Task goal:
Please retype the records below exactly as they appear, but leave out the pictures.

Supplied entries:
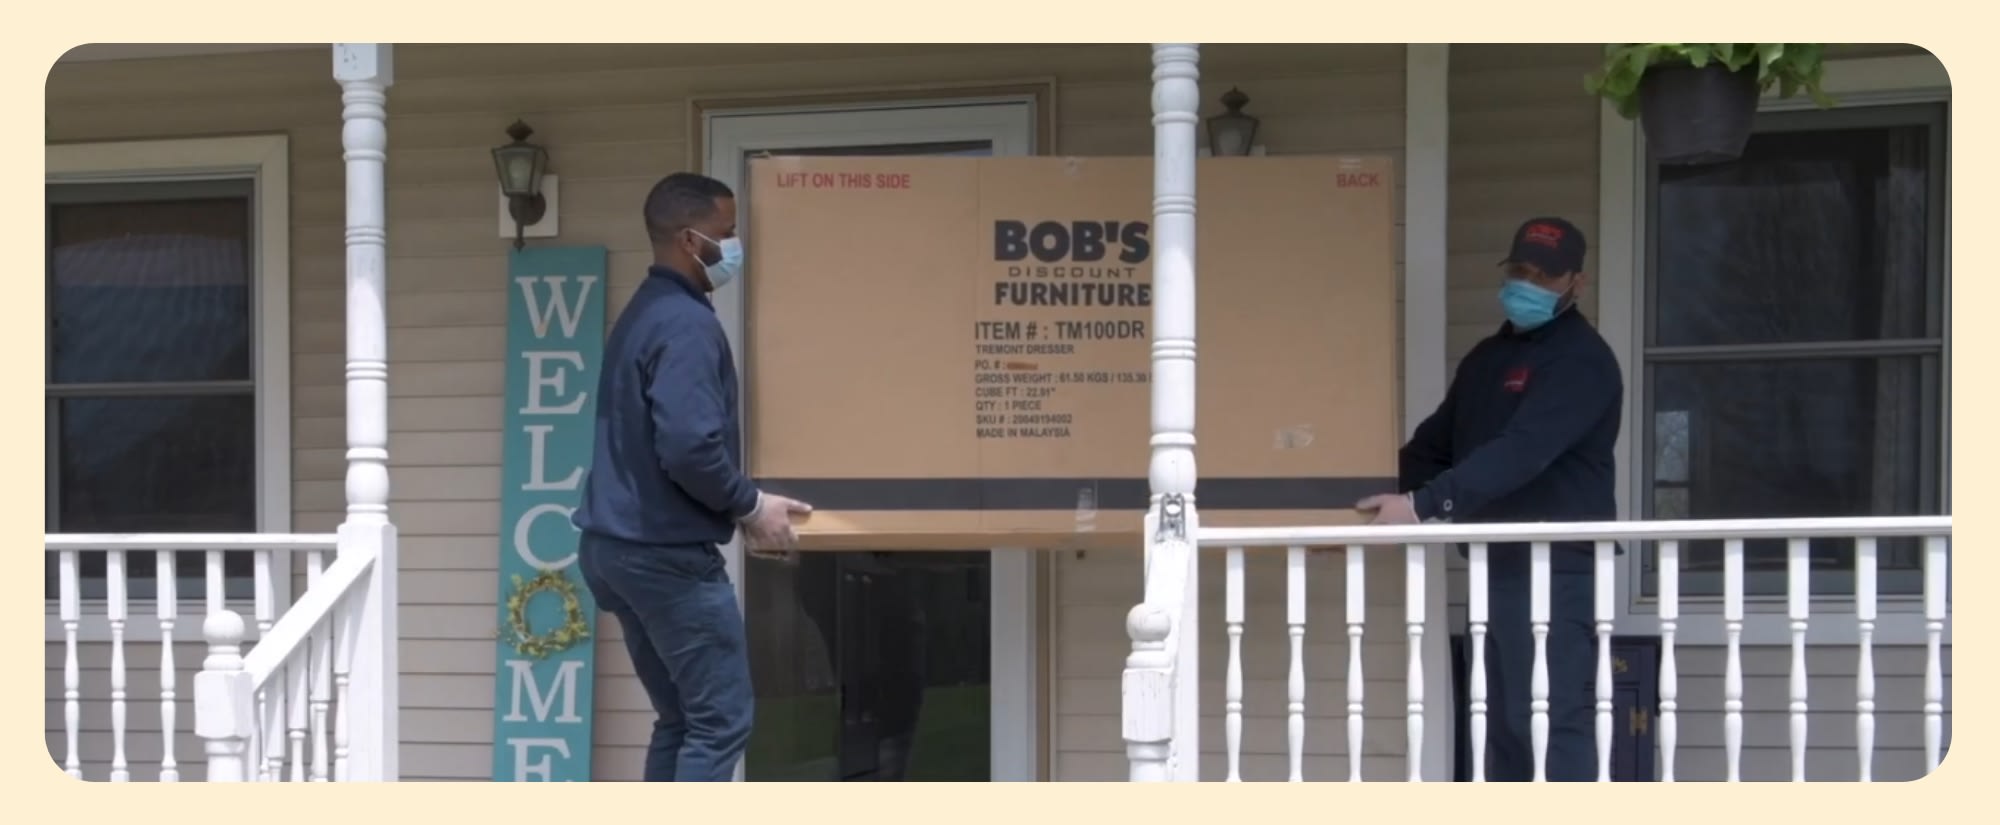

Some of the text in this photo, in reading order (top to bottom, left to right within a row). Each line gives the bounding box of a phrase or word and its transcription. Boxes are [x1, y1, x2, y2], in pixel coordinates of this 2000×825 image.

[777, 172, 911, 189] LIFT ON THIS SIDE
[1336, 173, 1380, 188] BACK
[994, 220, 1151, 264] BOB'S
[1008, 266, 1136, 278] DISCOUNT
[995, 282, 1152, 306] FURNITURE
[975, 321, 1020, 340] ITEM
[1026, 322, 1038, 340] #
[1055, 320, 1145, 340] TM100DR
[976, 344, 1075, 354] TREMONT DRESSER
[975, 373, 1010, 384] GROSS
[1012, 373, 1052, 384] WEIGHT
[975, 387, 1003, 397] CUBE
[1006, 387, 1017, 396] FT
[976, 400, 995, 411] QTY
[1012, 400, 1042, 410] PIECE
[976, 414, 996, 424] SKU
[976, 427, 1071, 438] MADE IN MALAYSIA
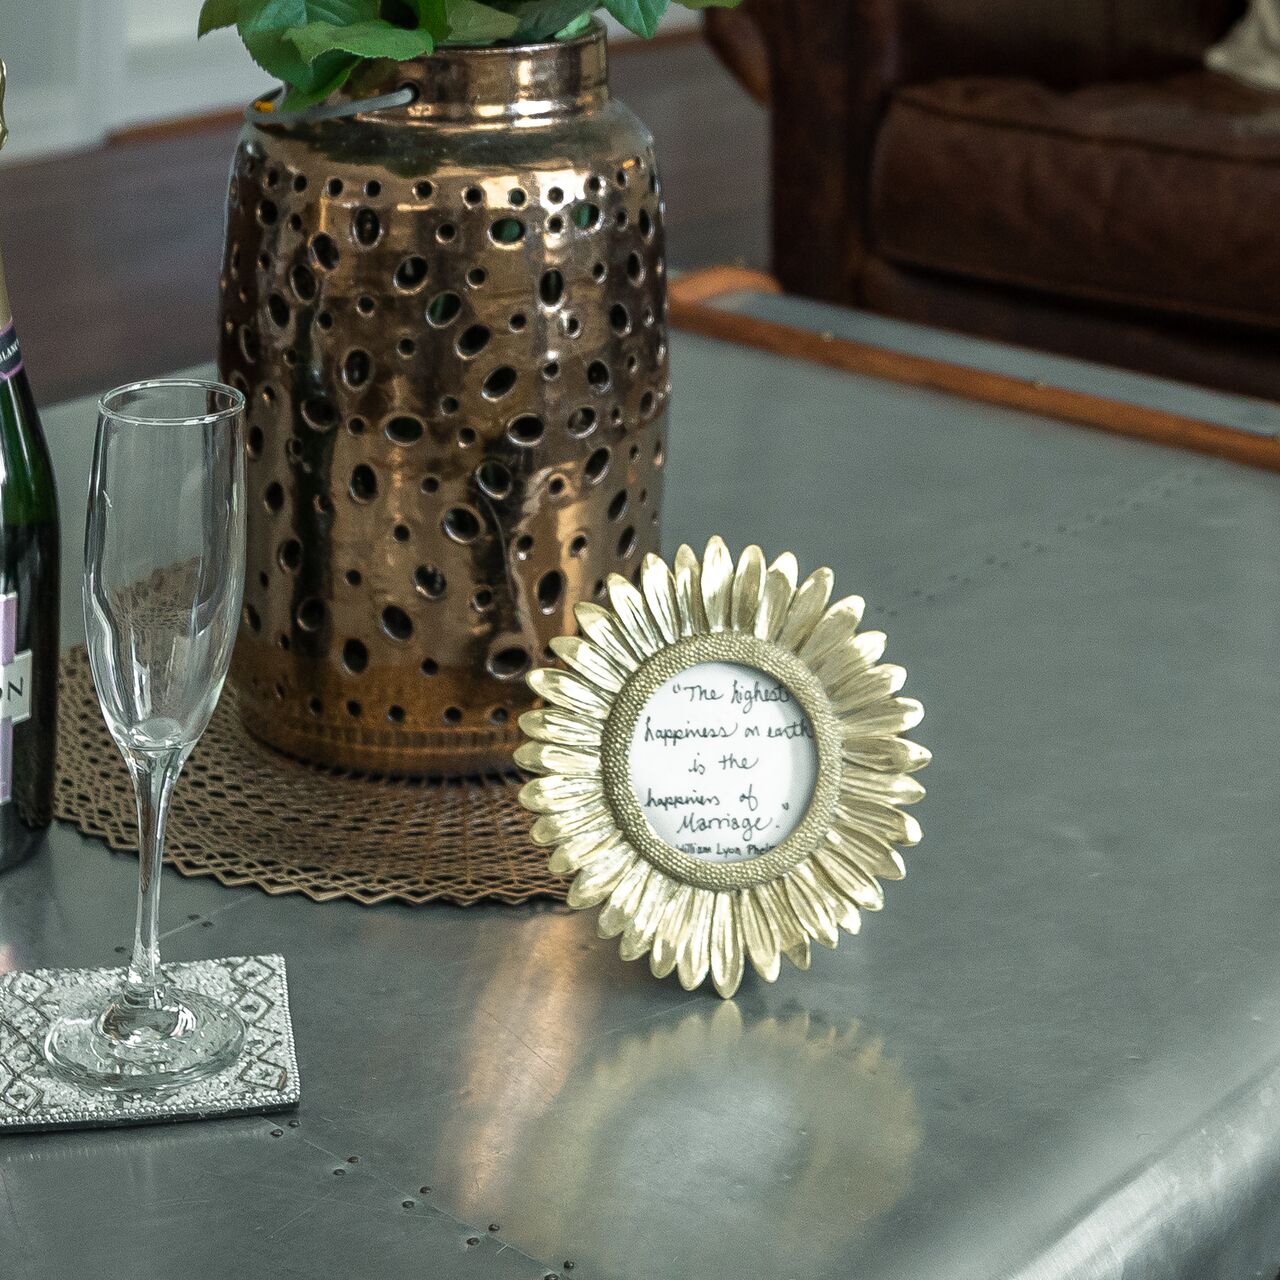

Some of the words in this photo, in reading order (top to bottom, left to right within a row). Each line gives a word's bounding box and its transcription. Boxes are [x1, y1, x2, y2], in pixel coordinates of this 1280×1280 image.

[730, 680, 790, 714] highest
[644, 716, 739, 747] happiness
[744, 725, 760, 738] on
[767, 718, 814, 740] earth
[688, 752, 707, 775] is
[718, 753, 760, 770] the
[739, 783, 759, 812] of
[716, 842, 742, 859] Lyon

Task answer:
Some of the text in this photo, in reading order (top to bottom, left to right within a row). Each line gives the bounding box of a phrase or word and its transcription. Boxes are [x1, y1, x2, y2], in pixel coordinates of this 2000×825 image.

[777, 172, 911, 189] LIFT ON THIS SIDE
[1336, 173, 1380, 188] BACK
[994, 220, 1151, 264] BOB'S
[1008, 266, 1136, 278] DISCOUNT
[995, 282, 1152, 306] FURNITURE
[975, 321, 1020, 340] ITEM
[1026, 322, 1038, 340] #
[1055, 320, 1145, 340] TM100DR
[976, 344, 1075, 354] TREMONT DRESSER
[975, 373, 1010, 384] GROSS
[1012, 373, 1052, 384] WEIGHT
[975, 387, 1003, 397] CUBE
[1006, 387, 1017, 396] FT
[976, 400, 995, 411] QTY
[1012, 400, 1042, 410] PIECE
[976, 414, 996, 424] SKU
[976, 427, 1071, 438] MADE IN MALAYSIA

Some of the words in this photo, in reading order (top to bottom, left to right within a row). Each line gives a word's bounding box and its transcription. Boxes are [x1, y1, x2, y2], in pixel coordinates of this 1280×1280 image.

[730, 680, 790, 714] highest
[644, 716, 739, 747] happiness
[744, 725, 760, 738] on
[767, 718, 814, 740] earth
[688, 752, 707, 775] is
[718, 753, 760, 770] the
[739, 783, 759, 812] of
[716, 842, 742, 859] Lyon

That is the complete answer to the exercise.